Case Report Volume 7 Issue 1
1Department of Oral and Maxillofacial Surgery, Manav Rachna Dental College, India
2Department of Orthodontics, Ashok Nursing Home, India
Correspondence: Amit Mohan, Department of Oral and Maxillofacial Surgery, Manav Rachna Dental College, Sector 46, Faridabad, Haryana, India, Tel 91 9711119707
Received: September 07, 2016 | Published: April 18, 2017
Citation: Mohan A, Grover S. An unusual large erupting complex odontome in posterior maxilla: a case report. J Dent Health Oral Disord Ther. 2017;7(1):243-244. DOI: 10.15406/jdhodt.2017.07.00230
Odontomas are the most common type of odontogenic tumor. The lesions are invariably asymptomatic. The lesions rarely grow to a large size and erupt into the oral cavity. Here we present a case of large complex odontome in the maxillary posterior most area which erupted into the oral cavity.
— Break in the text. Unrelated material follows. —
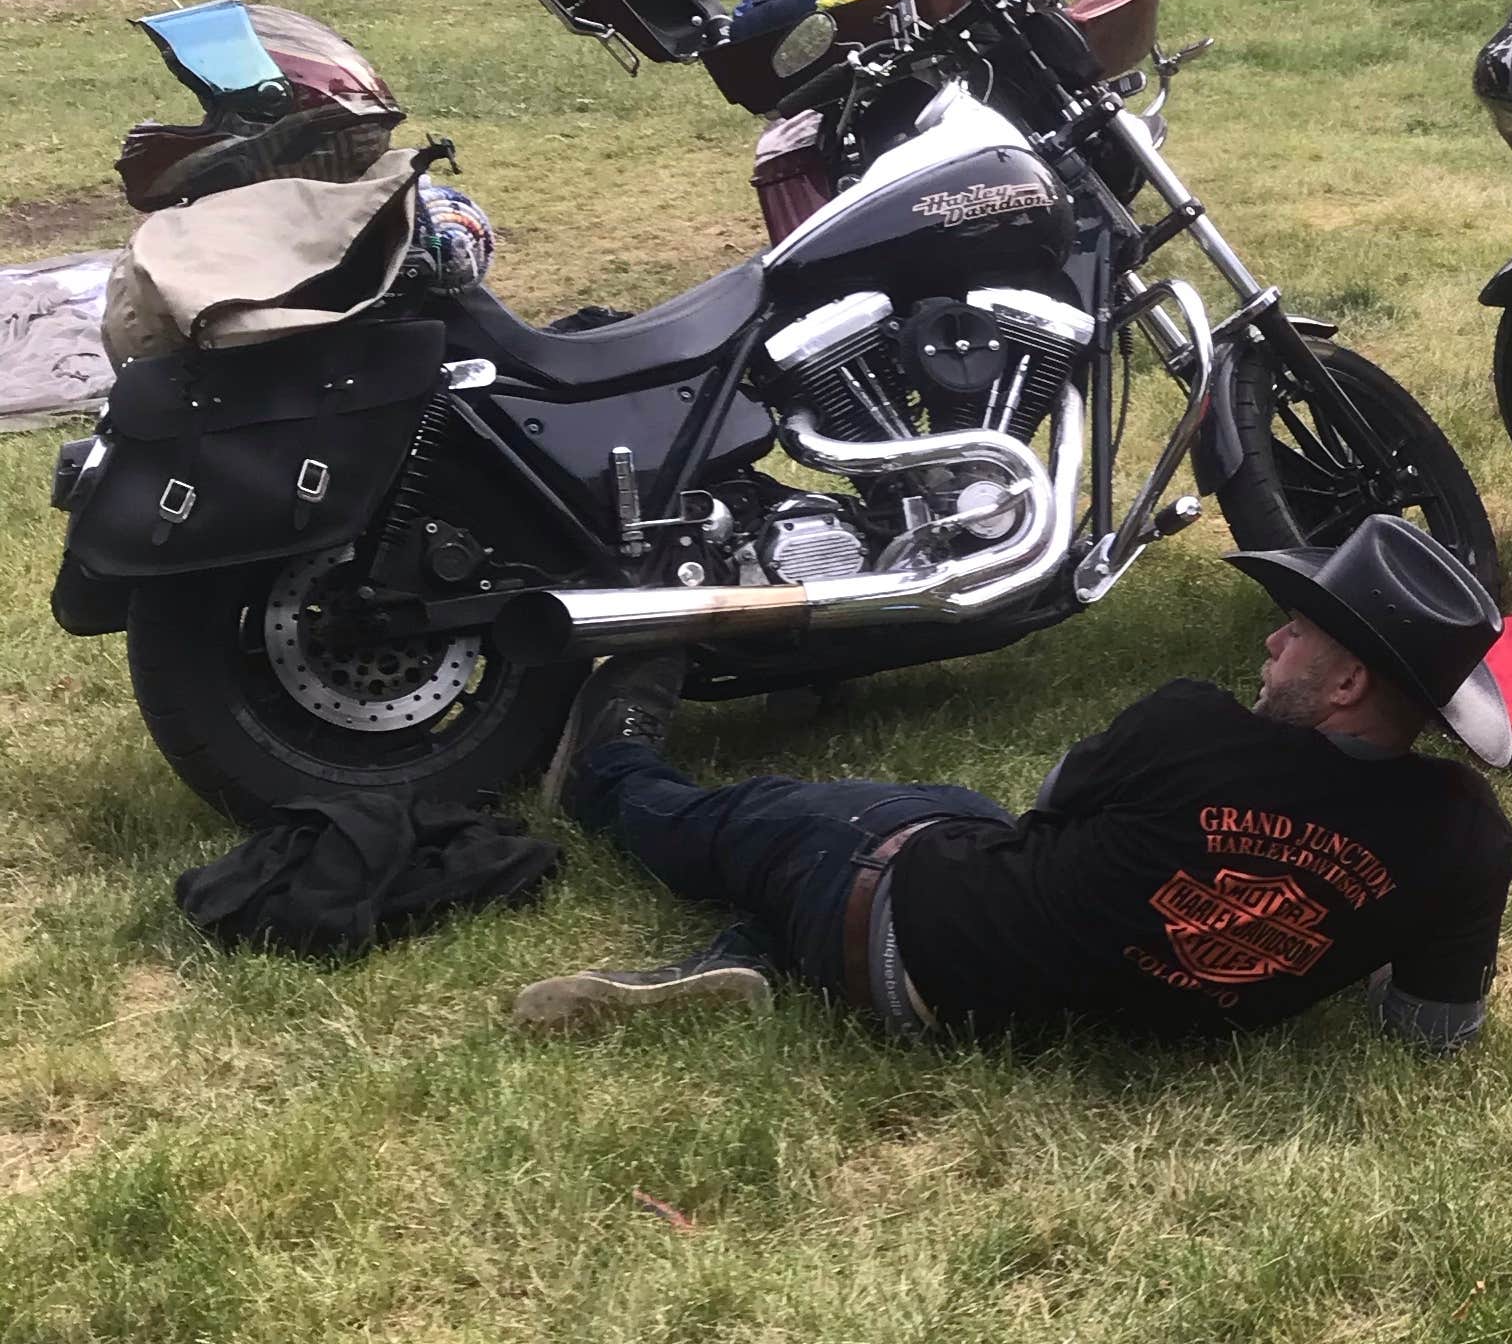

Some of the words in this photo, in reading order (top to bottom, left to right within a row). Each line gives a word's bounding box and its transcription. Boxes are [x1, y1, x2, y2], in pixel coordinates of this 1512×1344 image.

Keywords: odontome, complex odontome, benign odontogenic tumour
Odontomas are the most common type of odontogenic tumor occurring within the jaws, commonly classified as-compound and complex odontome. The Compound odontomas are more common in the anterior portion of the jaws resembling tooth-like structure. The Complex odontomas are more common in the posterior part of the jaws and consist of a disorganized mass with no morphologic resemblance to a tooth.1 The lesions are invariably asymptomatic and are discovered on routine radiographic examinations; however, they may be associated with pathologic changes in adjacent teeth and structures such as-malformation, impaction, delayed eruption, displacement, cyst formation and resorption of adjacent teeth.2 In extremely rare instances odontome are larger than the tooth and may erupt into the oral cavity.3 In this manuscript we have reported and discussed one such unusual case of erupting large complex odontome in the maxillary posterior area.
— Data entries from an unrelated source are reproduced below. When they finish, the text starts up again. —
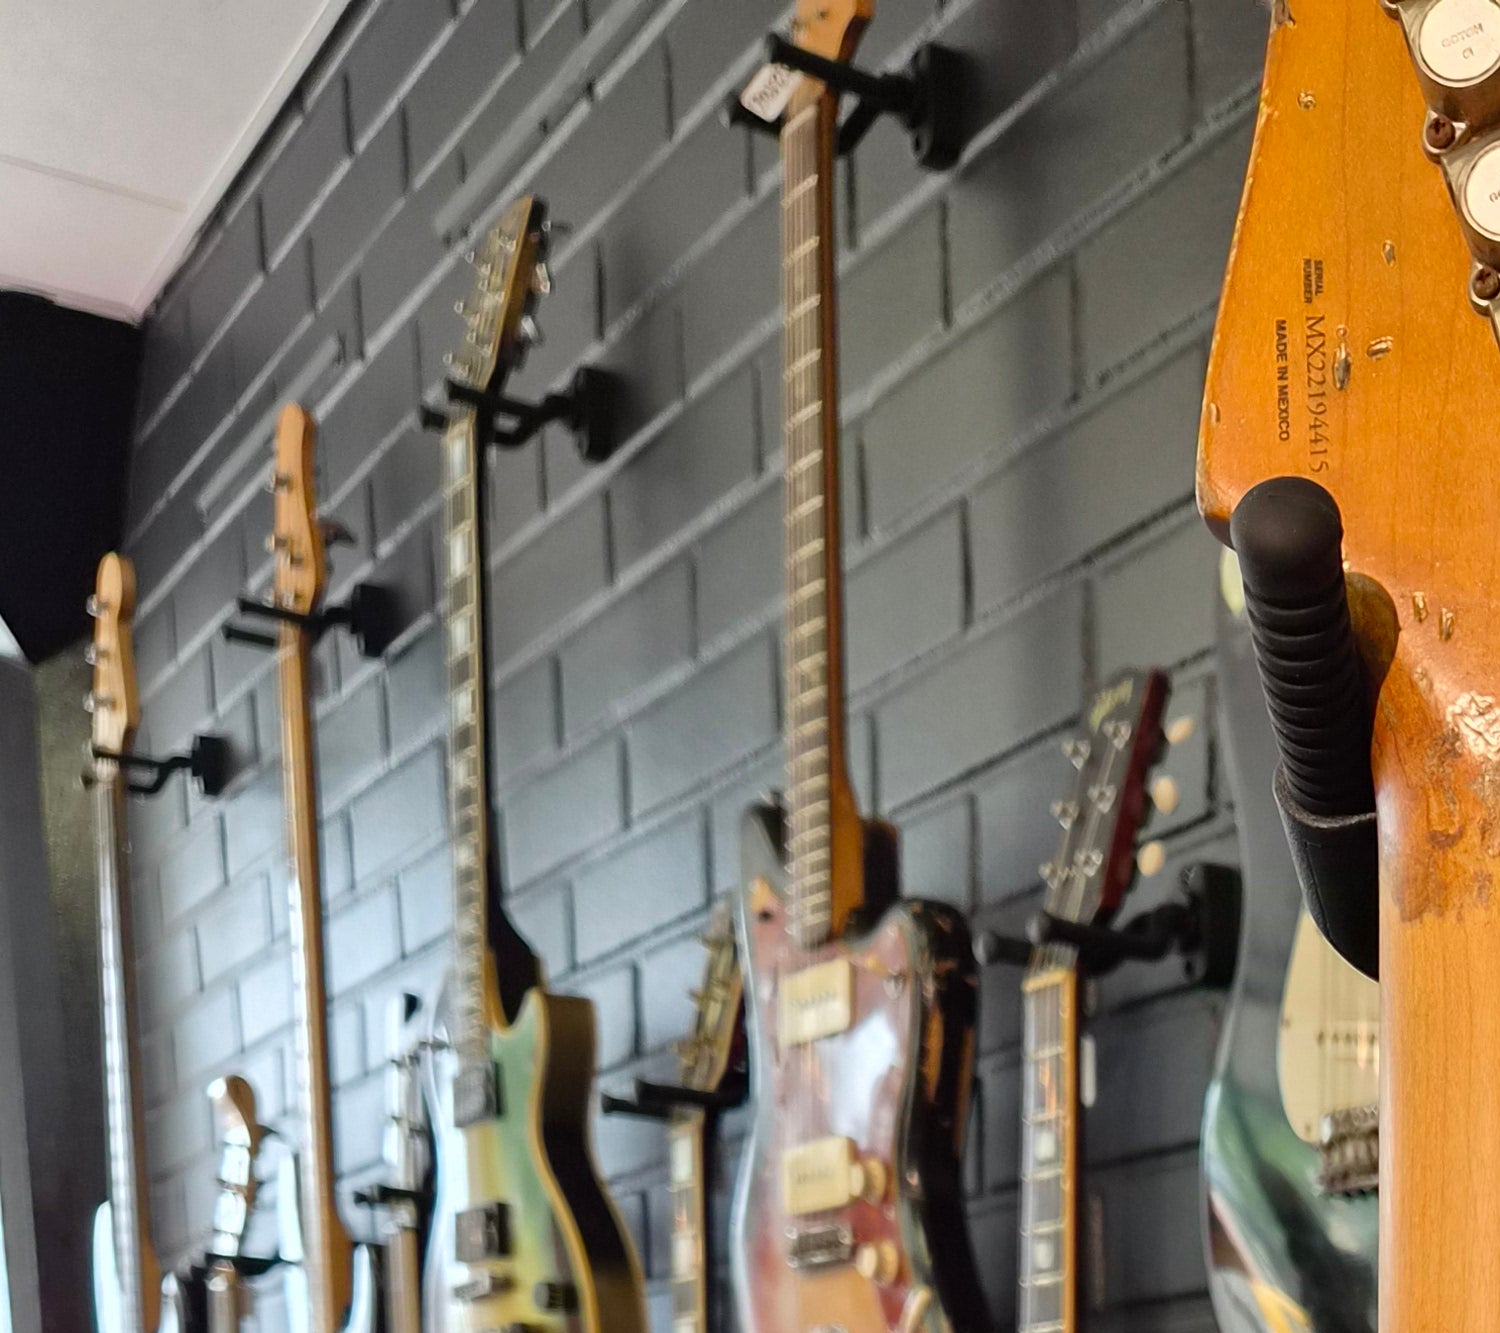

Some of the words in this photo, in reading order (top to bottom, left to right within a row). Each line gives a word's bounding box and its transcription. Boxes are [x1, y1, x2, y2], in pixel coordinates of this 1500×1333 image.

[1303, 257, 1314, 304] NUMBER
[1314, 260, 1324, 296] SERIAL
[1276, 319, 1288, 362] MADE
[1277, 366, 1288, 381] IN
[1305, 314, 1330, 474] MX22194415
[1278, 384, 1290, 442] MEXICO
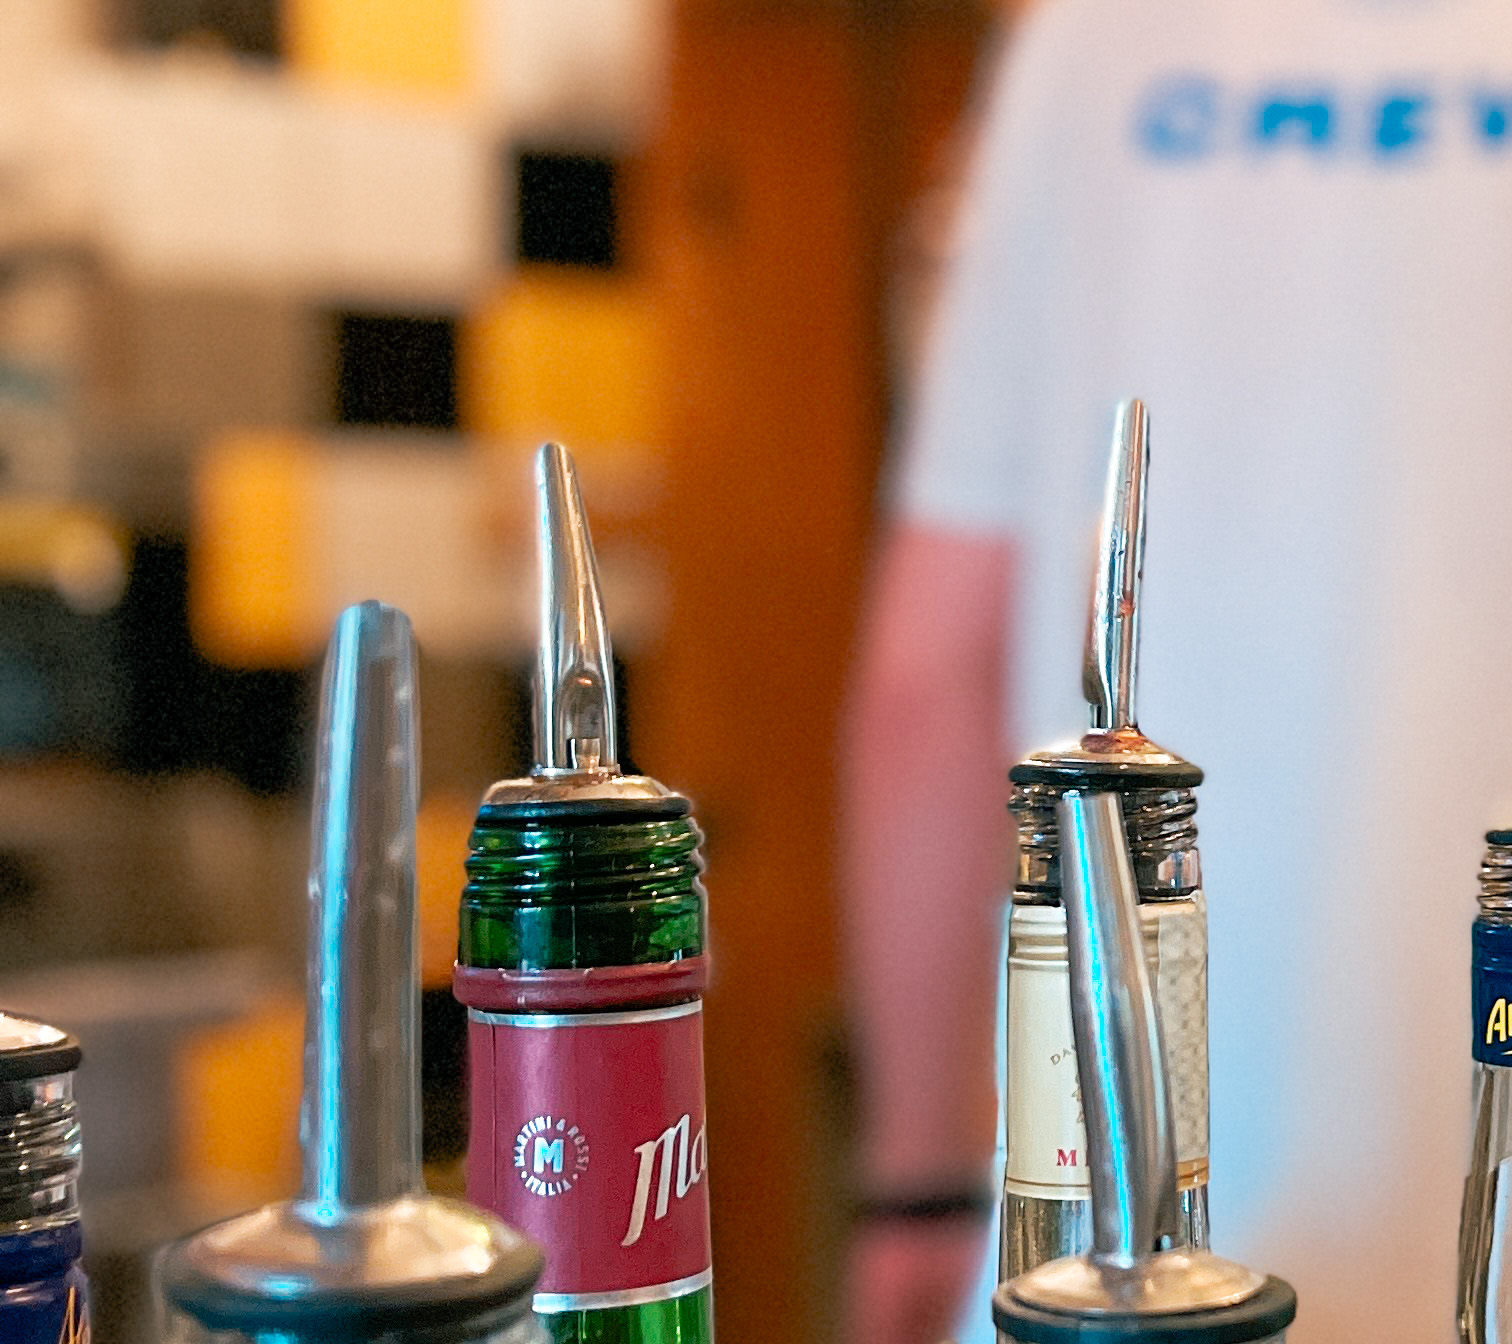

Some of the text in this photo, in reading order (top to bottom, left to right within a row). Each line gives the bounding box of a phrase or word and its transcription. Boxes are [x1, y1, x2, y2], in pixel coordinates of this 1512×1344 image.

[513, 1115, 552, 1168] MARTINI
[567, 1125, 590, 1171] ROSSI
[533, 1136, 564, 1174] M
[524, 1175, 572, 1196] ITALIA
A 25 year old female reported with the complaint of pain and swelling in left maxillary posterior region with feeling of a hard tooth-like structure since 1½ to 2 years. On examination, a large, well-circumscribed, non-capsulated, yellowish-white hard mass was noted in left maxillary posterior region (Figure 1). The mass was approximately 2.5cm in size, was immobile and non-tender. On radiographic examination, a large well-defined radiopaque mass in left maxillary posterior region (Figure 2 & 3). The left maxillary 3rd molar was located on the superior aspect of the mass. The clinical and radiological features were suggestive of complex odontome. Surgical removal of the lesion and impacted 3rd molar was planned under local anaesthesia. The lesion was enucleated as a single mass (Figure 4). The impacted left maxillary 3rd molar was also removed after enucleation of the lesion.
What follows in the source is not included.